By | Published on Tuesday 16 July 2013

Victoria Espinel

The American government’s intellectual property overseer Victoria Espinel has endorsed an initiative by web giants AOL, Microsoft, Yahoo and Google to crack down on piracy-enabling websites by not allowing them to carry advertising administered by one of the web firms’ ad networks.

As previously reported, the presence of advertising on piracy websites, usually pulled in from an ad network, has become an increasingly big gripe of the content industries in the last couple of years.

While each of the web companies will insist it already has measures in place to stop piracy sites from carrying its advertising, a consortium of US firms has signed up to a voluntary agreement which sets out ‘best practices’ for responding to complaints by rights owners, and stopping the operators of piracy sites from earning an income via their respective ad set-ups.

Welcoming the initiative, the US government said in a statement: “The administration strongly supports voluntary efforts by the private sector to reduce infringement and we welcome the initiative brought forward by the companies to establish industry-wide standards to combat online piracy and counterfeiting by reducing financial incentives associated with infringement. We believe that this is a positive step and that such efforts can have a significant impact on reducing online piracy and counterfeiting”.

Meanwhile Google told reporters: “In addition to developing legitimate, innovative, and convenient content offerings – such as Google Play and YouTube, through which our partners together generate hundreds of millions of dollars – we continue to develop solutions to help fight piracy and counterfeit online. We think one of the most effective ways to do this is to cut off the money supply to rogue sites that specialise in piracy or counterfeiting”.

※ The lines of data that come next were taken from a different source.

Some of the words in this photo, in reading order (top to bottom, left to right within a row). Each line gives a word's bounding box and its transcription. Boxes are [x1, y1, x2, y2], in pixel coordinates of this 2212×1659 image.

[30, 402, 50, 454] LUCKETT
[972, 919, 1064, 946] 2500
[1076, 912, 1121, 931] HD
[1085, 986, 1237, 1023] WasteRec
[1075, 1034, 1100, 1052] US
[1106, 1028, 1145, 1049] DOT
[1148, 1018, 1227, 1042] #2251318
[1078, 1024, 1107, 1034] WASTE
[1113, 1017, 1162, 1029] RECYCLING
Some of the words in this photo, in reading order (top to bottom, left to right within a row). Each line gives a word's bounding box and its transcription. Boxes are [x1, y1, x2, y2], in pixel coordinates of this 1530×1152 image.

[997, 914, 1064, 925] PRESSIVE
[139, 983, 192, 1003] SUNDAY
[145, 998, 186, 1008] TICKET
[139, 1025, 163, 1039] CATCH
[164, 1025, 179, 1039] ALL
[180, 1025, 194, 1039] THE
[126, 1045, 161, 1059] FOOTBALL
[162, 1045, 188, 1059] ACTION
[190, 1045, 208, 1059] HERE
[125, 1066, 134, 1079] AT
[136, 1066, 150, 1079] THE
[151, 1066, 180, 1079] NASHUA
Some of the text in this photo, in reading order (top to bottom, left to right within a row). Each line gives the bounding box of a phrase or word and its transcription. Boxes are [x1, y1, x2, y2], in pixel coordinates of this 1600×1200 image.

The US record and movie industries cautiously welcomed the move, though the Recording Industry Association Of America added that “the real test will come as these practices are implemented, and whether they have a demonstrable impact”, while the Motion Picture Association Of America expressed concerns that the measures the web giants were signing up to still rely on the copyright owners to initially spot the infringing websites.

While cutting off the income of piracy sites – by banning them from ad networks and payment systems like Paypal – has been one of the music and movie industries’ key priorities in recent years, so has persuading the likes of Google to also do more to stop piracy services from appearing in search results. In that domain the web giants have complied with takedown requests relating to specific URLs, but continue to resist calls to simply block entire domains from being listed if said domains belong to persistent pirates.

And according to Torrentfreak, Google boss Eric Schmidt reaffirmed his company’s opposition to that latter more extreme approach at a conference last week, noting: “The industry would like us to edit the web and literally delete sites, and that goes counter to our philosophy”.